Anka quedó prendado. Se aseguró los derechos de la canción para su productora norteamericana y sin más olvidó el botín.

Un día, poco tiempo después, Paul Anka se encontró con Frank Sinatra. Éste le confesó que estaba cansado del mundo espectáculo y que quería retirarse.La gente del rock lo había desplazado y los años del Rat Pack lo habían envejecido. Eso sí, tras una vida de desenfreno, whisky y amistad.

Estamos hablando de finales de los años sesenta. Fue entonces, justo entonces, cuando Paul Anka se acordó de la canción francesa de la que había adquirido los derechos. Cambió algo la melodía e, inspirándose en lo que Sinatra acababa de decirle, comenzó a reescribir la letra en inglés.

¿Cuál era su filosofía?

Un hombre, ya en la última parte de su vida, mira escépticamente lo que ha sido la existencia. Revisa sus circunstancias, valora sus decisiones y, con orgullo gamberro y luciferino, dice no arrepentirse de nada. Anka le ofrece la canción a Sinatra.  A finales de 1968, Frank ya está grabando My Way.

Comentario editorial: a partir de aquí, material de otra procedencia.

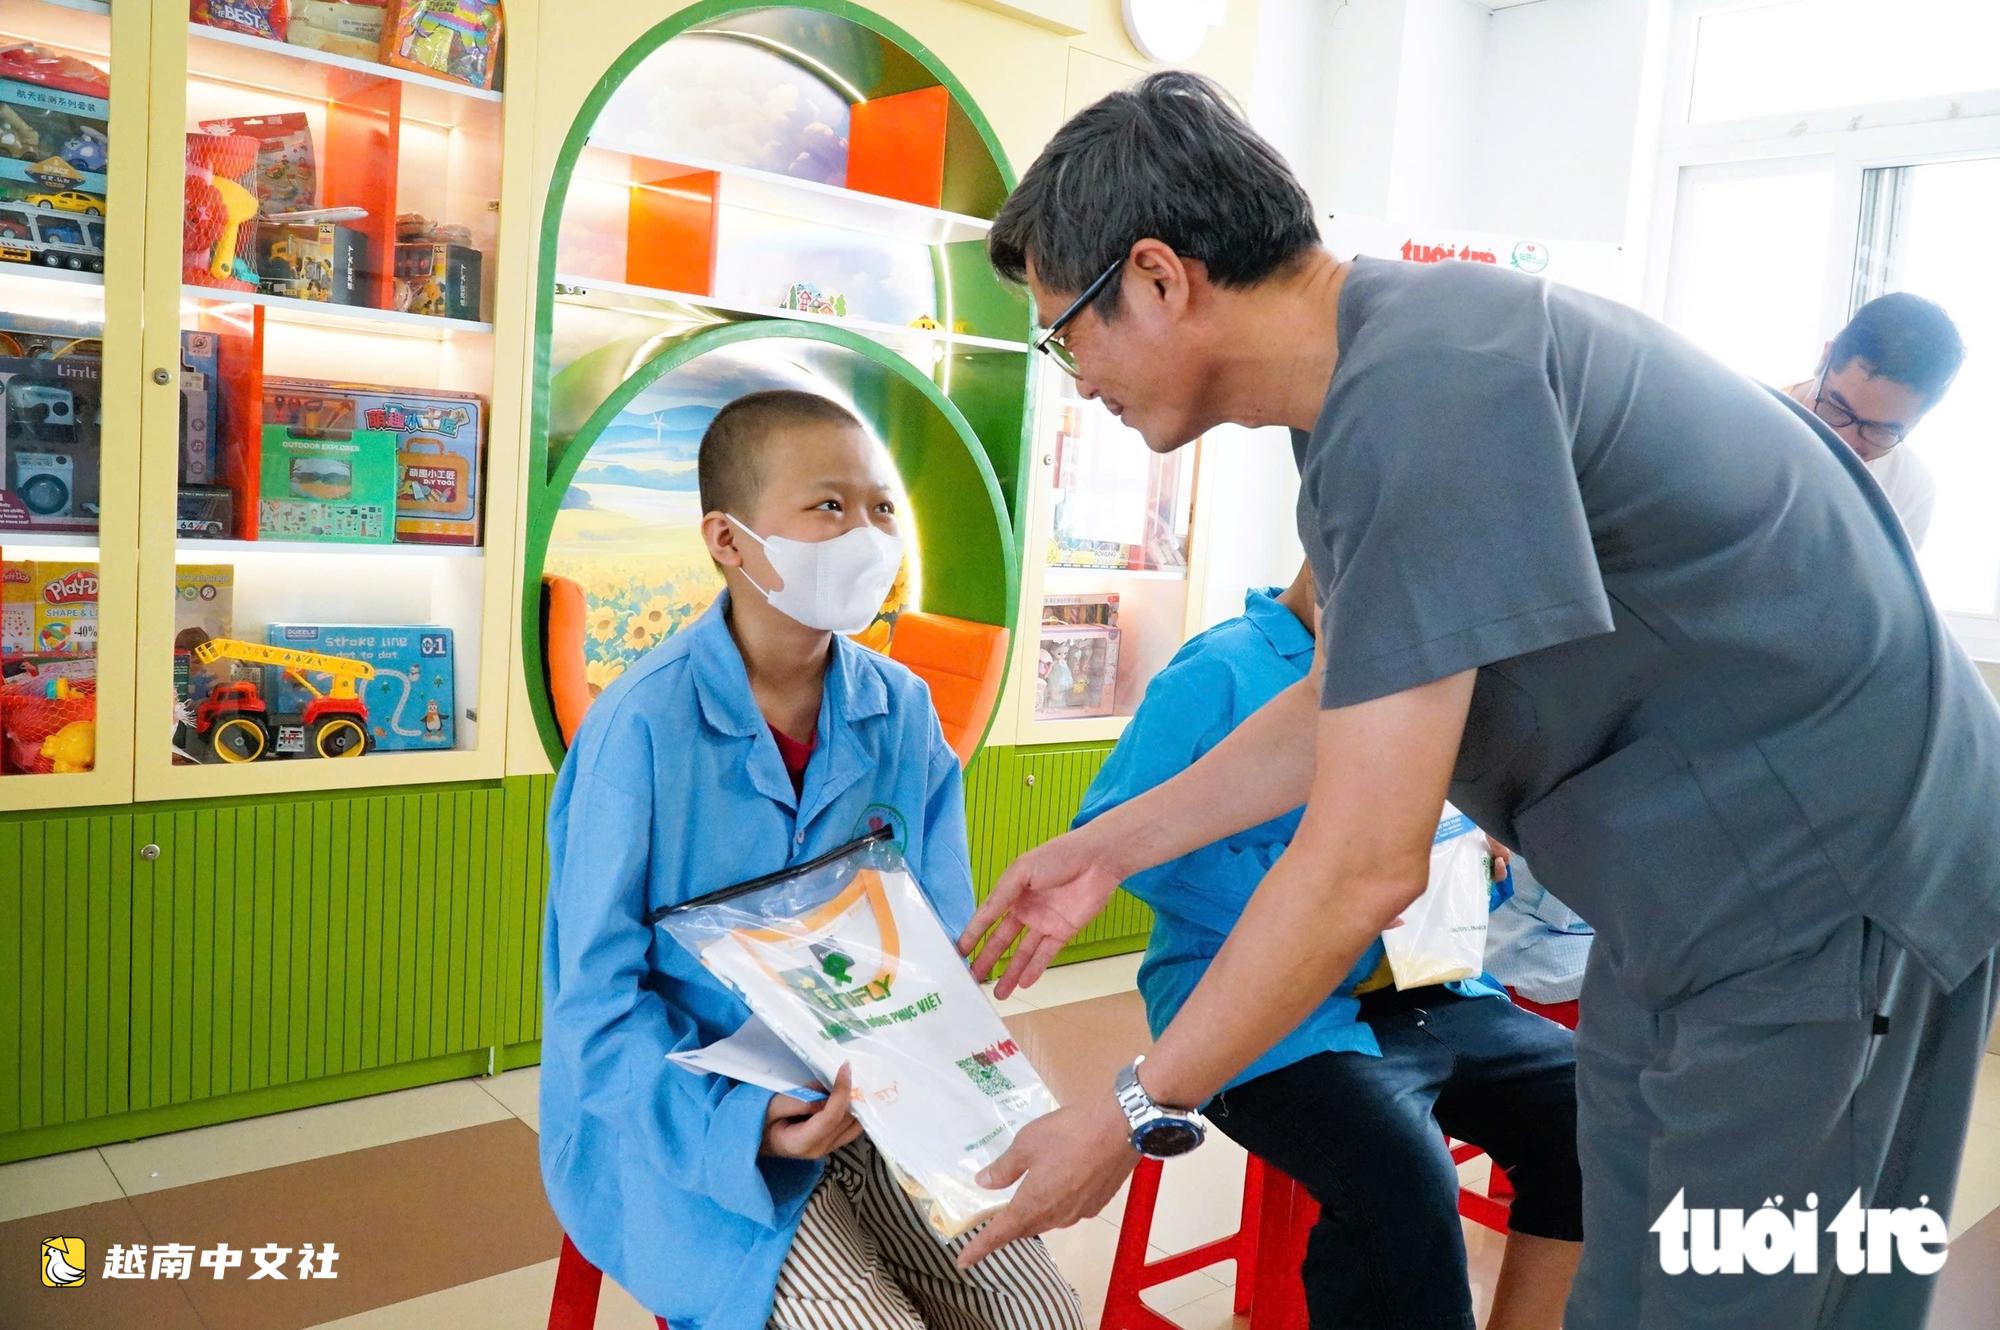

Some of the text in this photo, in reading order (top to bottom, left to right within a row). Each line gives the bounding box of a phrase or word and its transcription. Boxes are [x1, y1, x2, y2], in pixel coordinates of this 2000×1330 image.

[224, 5, 261, 29] BEST
[282, 441, 320, 450] OUTDOOR
[180, 521, 194, 529] 64
[46, 609, 78, 617] SHAPE
[74, 625, 97, 638] -40%
[422, 637, 446, 655] 01
[378, 651, 398, 659] dot
[916, 992, 943, 1013] VIỆT
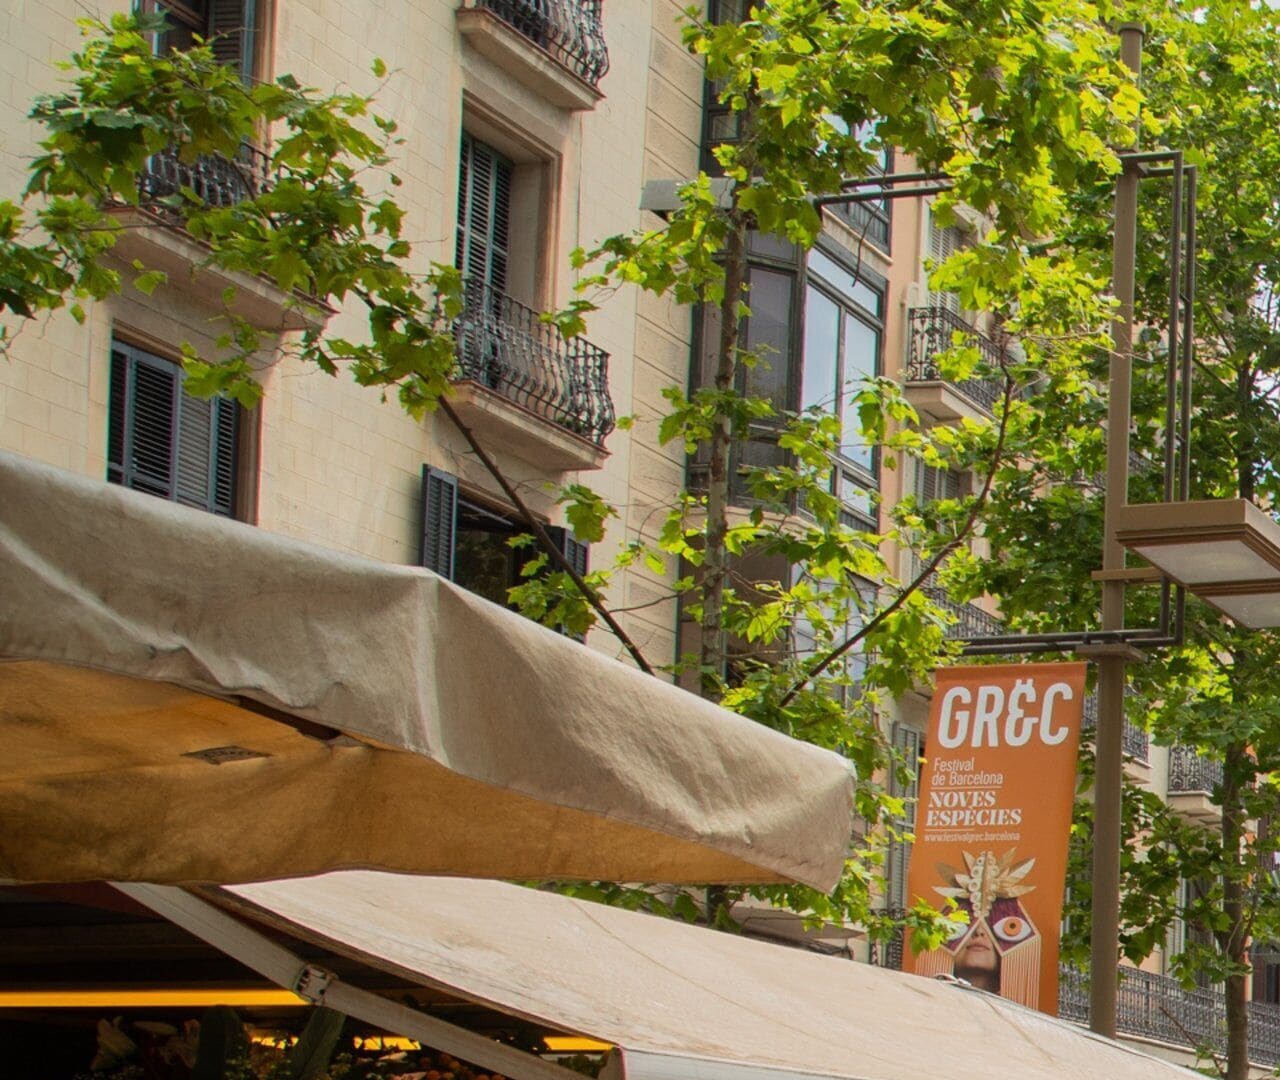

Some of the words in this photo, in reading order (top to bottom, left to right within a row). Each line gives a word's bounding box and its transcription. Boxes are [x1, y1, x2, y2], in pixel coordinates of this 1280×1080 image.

[933, 757, 975, 772] Festival
[931, 774, 946, 786] de
[949, 771, 1004, 786] Barcelona
[928, 791, 996, 808] NOVES
[926, 807, 1022, 826] ESPÈCIES
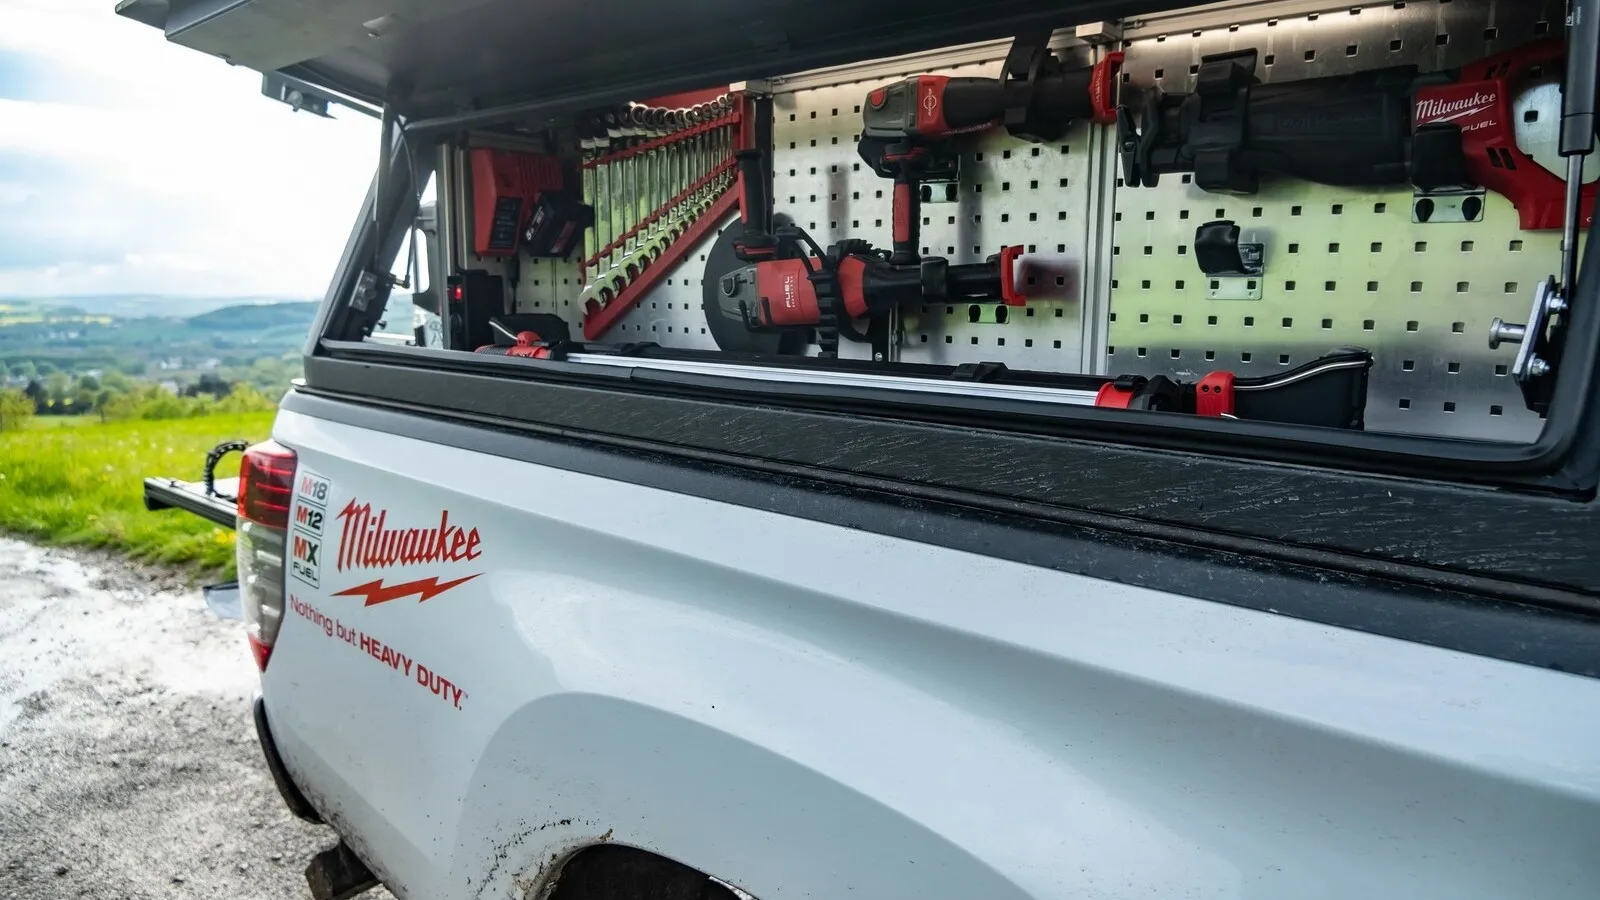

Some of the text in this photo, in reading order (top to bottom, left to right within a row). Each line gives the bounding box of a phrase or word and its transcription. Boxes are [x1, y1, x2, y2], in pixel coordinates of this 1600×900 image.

[1416, 92, 1496, 120] Milwaukee
[1461, 120, 1497, 133] FUEL
[301, 477, 327, 500] M18
[296, 505, 323, 530] M12
[335, 497, 482, 573] Milwaukee
[293, 535, 318, 566] MX
[293, 562, 317, 581] FUEL
[290, 594, 333, 637] Nothing
[336, 618, 357, 646] but
[360, 632, 413, 676] HEAVY
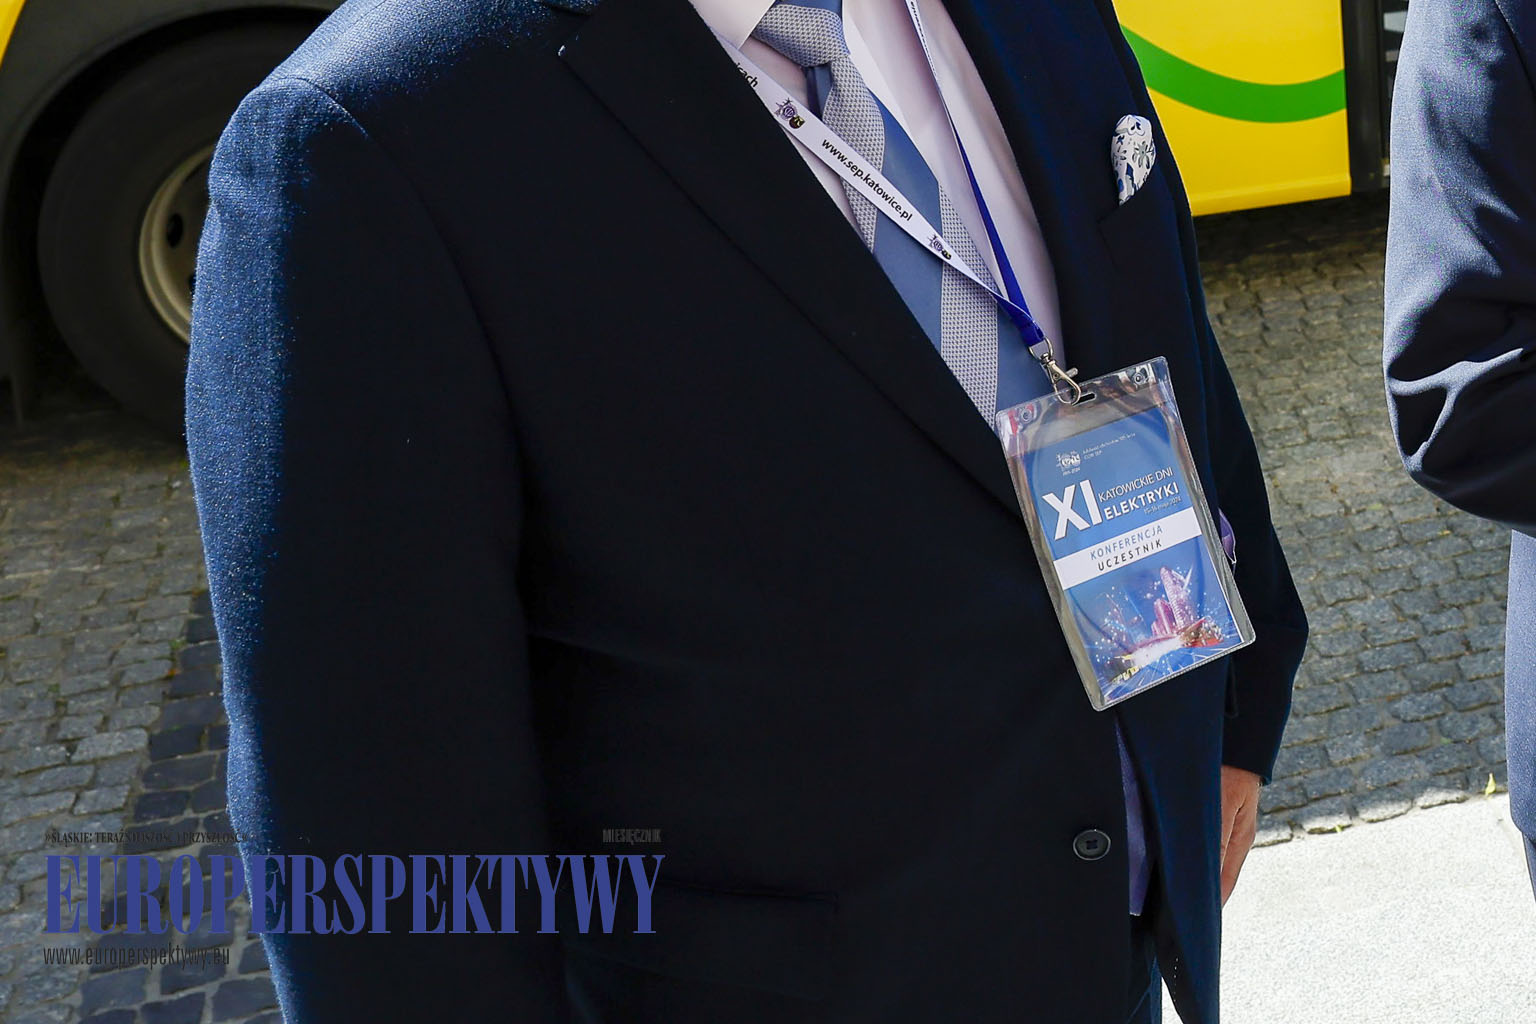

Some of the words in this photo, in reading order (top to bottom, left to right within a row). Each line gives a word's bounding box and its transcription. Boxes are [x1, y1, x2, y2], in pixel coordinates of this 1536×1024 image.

[822, 138, 913, 223] www.sep.katowice.pl
[1098, 474, 1155, 503] KATOWICKIE
[1154, 466, 1174, 481] DNI
[1104, 481, 1180, 521] ELEKTRYKI
[1042, 479, 1103, 541] XI
[1090, 525, 1164, 560] KONFERENCJA
[1097, 539, 1162, 572] UCZESTNIK

No pasó mucho tiempo antes de que dicha pieza se convirtiera en el himno del propio Sinatra, aunque llegara a odiar la canción. Y no pasó mucho tiempo antes de que esa pieza llegara a convertirse en el himno de muchos seres humanos. De aquellos que no se arrepienten, de aquellos que viven y que asumen con coraje, con audacia y algo de cinismo sus propias decisiones.

Punto y aparte.

Donald J. Trump se ha despedido de La Casa Blanca a los sones de dicha pieza y yo he sentido un repeluzno.

Sinatra fue un tipo admirable y peligroso. Fue solidario en la campaña de John F. Kennedy prestándole High Hopes (1959), la canción que abría la expectativa, la esperanza de una Nueva Frontera, de un mejor devenir. Y Sinatra fue al final un republicano de orden.

Que Trump se retire temporalmente con My Way nos resulta insultante e incómodo a muchos, a muchos que adoramos a Sinatra. Creo que Frank habría detestado aún más la pieza.

Mientras sonaba la canción, el exmandatario pronunció unas frases, algunas de cuyas palabras quedarán para la historia. ¿Cuáles? Entre ellas, la mejor es ésta:

We will be back in some form”.

Es una amenaza y una esperanza. Es una observación y una meta. Traduzco y abrevio rápidamente lo que Trump dijo a sus acérrimos seguidores y, por extensión, a sus adversarios.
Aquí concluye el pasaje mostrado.